Working side by side with Cooper for a week might be foolhardy. What if he had some ulterior motive, some way to use her agreeability to gather evidence against her? But she looked at it from every angle, and she couldn’t find a reason to turn down the offer.
“Do we have a deal?” Cooper stood and offered her his hand.
Allie hesitated only slightly before clasping his hand in hers. “Deal.” A tingle of awareness buzzed through her at his touch, and she almost hated to release his hand. Why did he have to be so good-looking? Why did he have to have that charming smile and those twinkly blue eyes? She would have a much easier job despising him if he was as cold and arrogant as he’d first appeared.

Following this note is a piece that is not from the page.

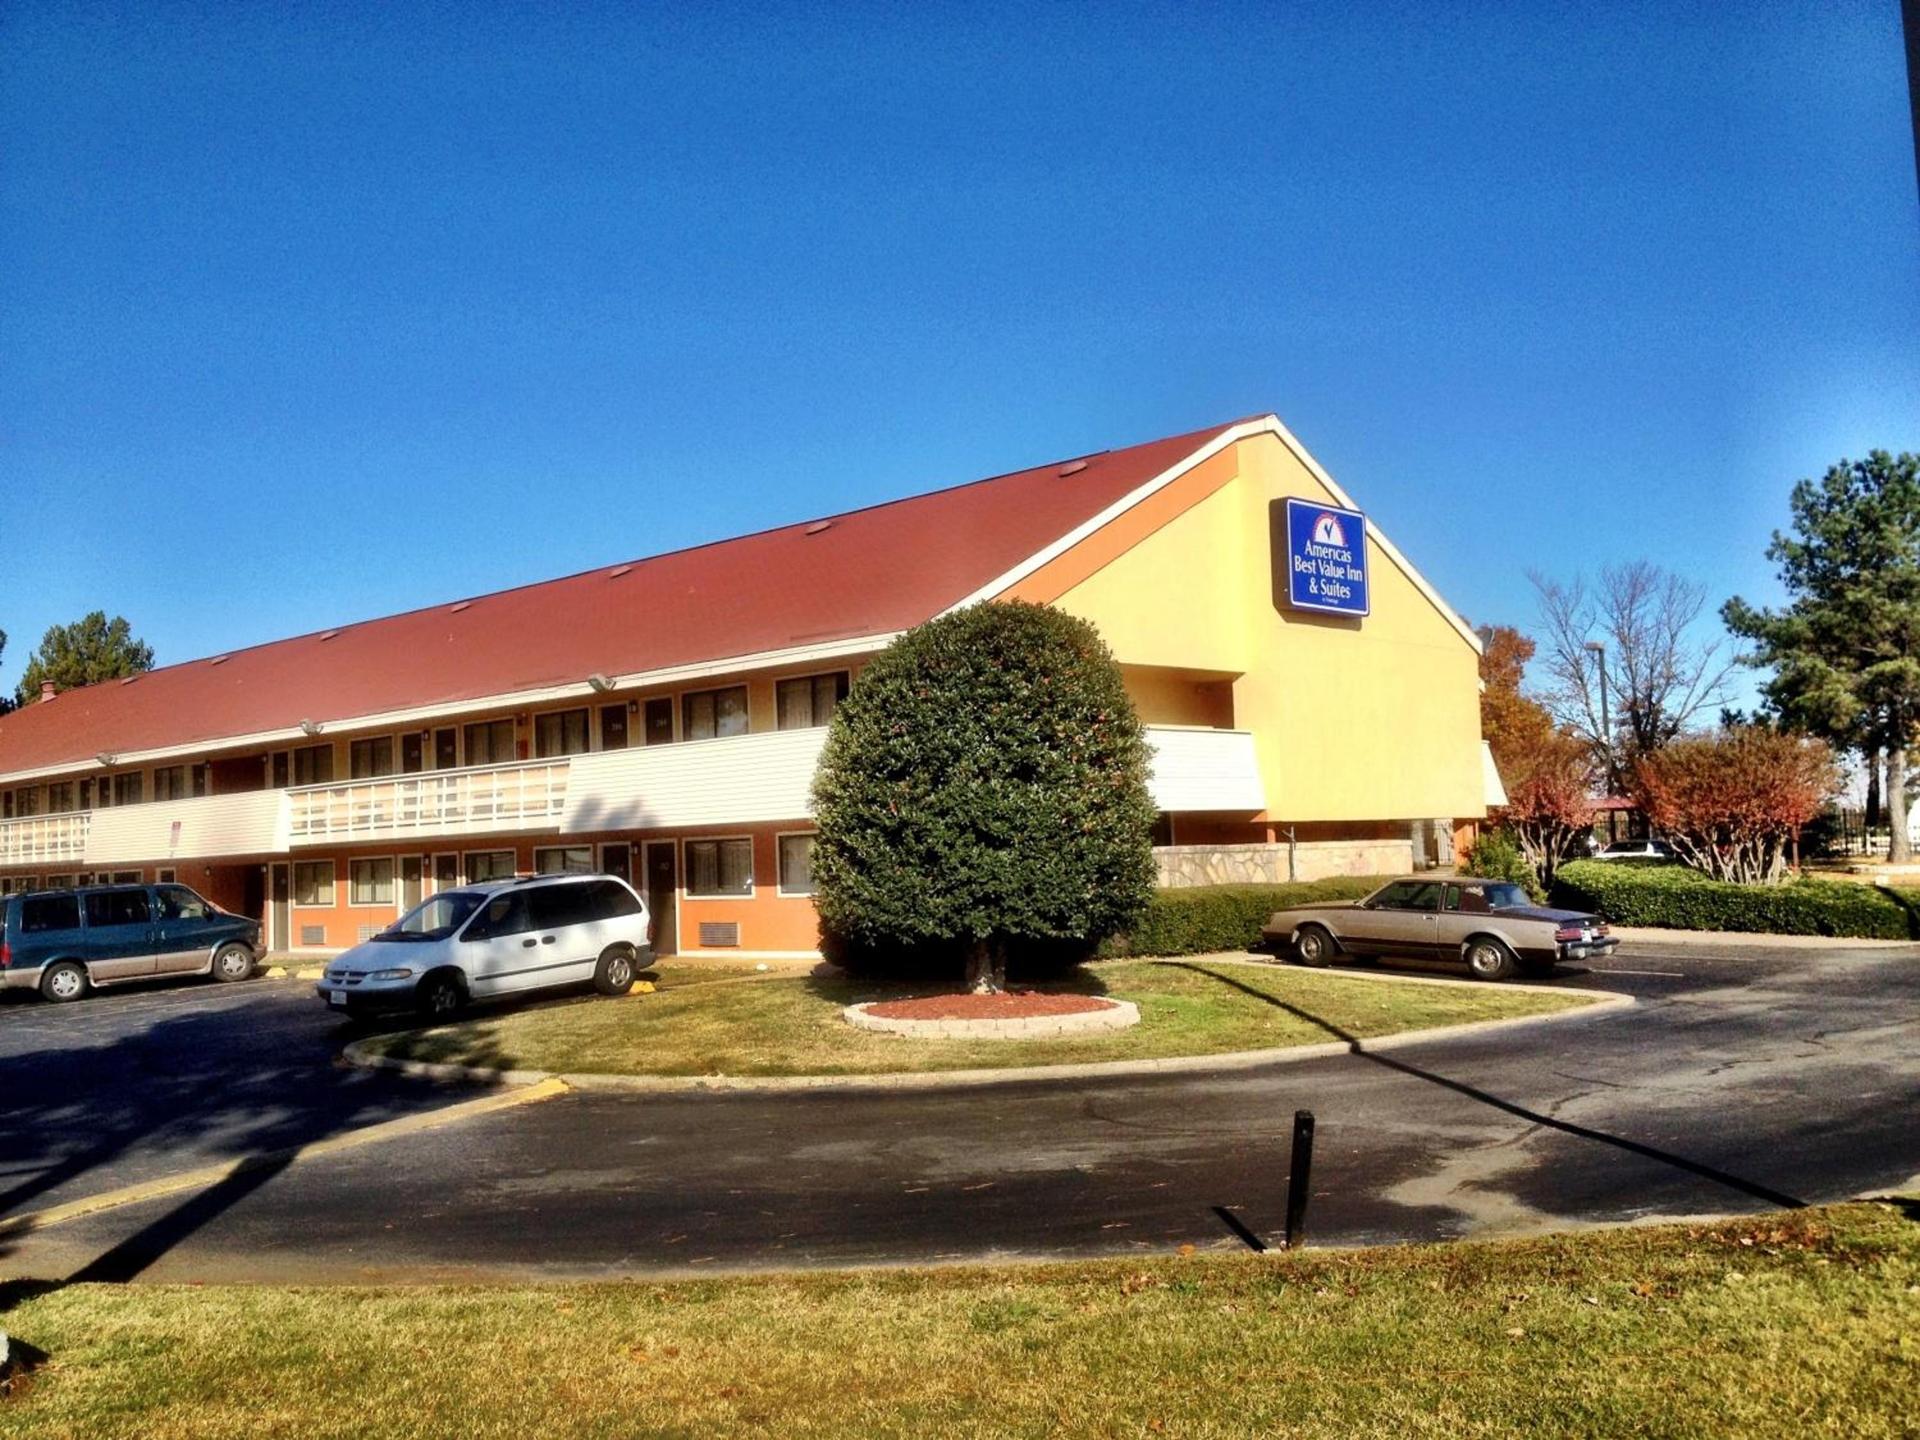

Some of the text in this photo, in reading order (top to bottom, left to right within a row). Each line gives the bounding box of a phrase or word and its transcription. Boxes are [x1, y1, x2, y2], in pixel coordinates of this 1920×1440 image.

[1305, 540, 1352, 563] Americas
[1294, 555, 1363, 582] Best Value Inn
[1309, 577, 1351, 599] & Suites

“Our first order of business is to buy you some new clothes. Not that the Daisy Dukes aren’t attractive, but we don’t want to start a riot at the trade show.”
“Trade show?”
“This weekend, in Houston. Vacation Expo. You and I are going to work it. Together.”
Chapter Seven
Cooper enjoyed the look of consternation on his new employee’s beautiful face.
Reece and Max both thought he was slightly insane for wanting to hire Allie. But everything he’d told her was true. If the court awarded her the boat and the charter business, she would benefit from all the work they were doing. And if Cooper and his cousins prevailed, well, they had one week of Allie’s cooperation, which they sorely needed.

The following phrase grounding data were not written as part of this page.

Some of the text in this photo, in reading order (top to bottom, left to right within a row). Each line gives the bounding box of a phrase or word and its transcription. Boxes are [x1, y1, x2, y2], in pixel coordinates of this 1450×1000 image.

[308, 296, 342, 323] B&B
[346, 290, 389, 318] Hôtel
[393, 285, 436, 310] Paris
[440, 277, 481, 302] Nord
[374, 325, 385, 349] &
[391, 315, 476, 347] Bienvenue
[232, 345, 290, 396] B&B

They had an incredible amount of work to get done before the weekend. It was a stroke of luck they’d heard about the trade show from Miss Greer, who paid to participate in a booth run by a bed-and-breakfast association. But it sounded like exactly the sort of place Remington Charters could get good exposure to people who were actually planning vacations, and he hadn’t wanted to toss away the opportunity, even if it meant they had to scramble to get ready in time.
“You want me to buy new clothes?” Allie repeated, looking at him as if he was insane.
“I’ll pay for them. Company expense. I was thinking something nautical.”
“You’re going to dress me in a sailor outfit and turn me into a trade-show booth bunny.”
“Hey, don’t be insulted. All the booths at trade shows hire beautiful models-you’ll see when we get there. We’re fortunate to have our talent in-house.”
Allie looked down at herself. “I’m fine the way I am.”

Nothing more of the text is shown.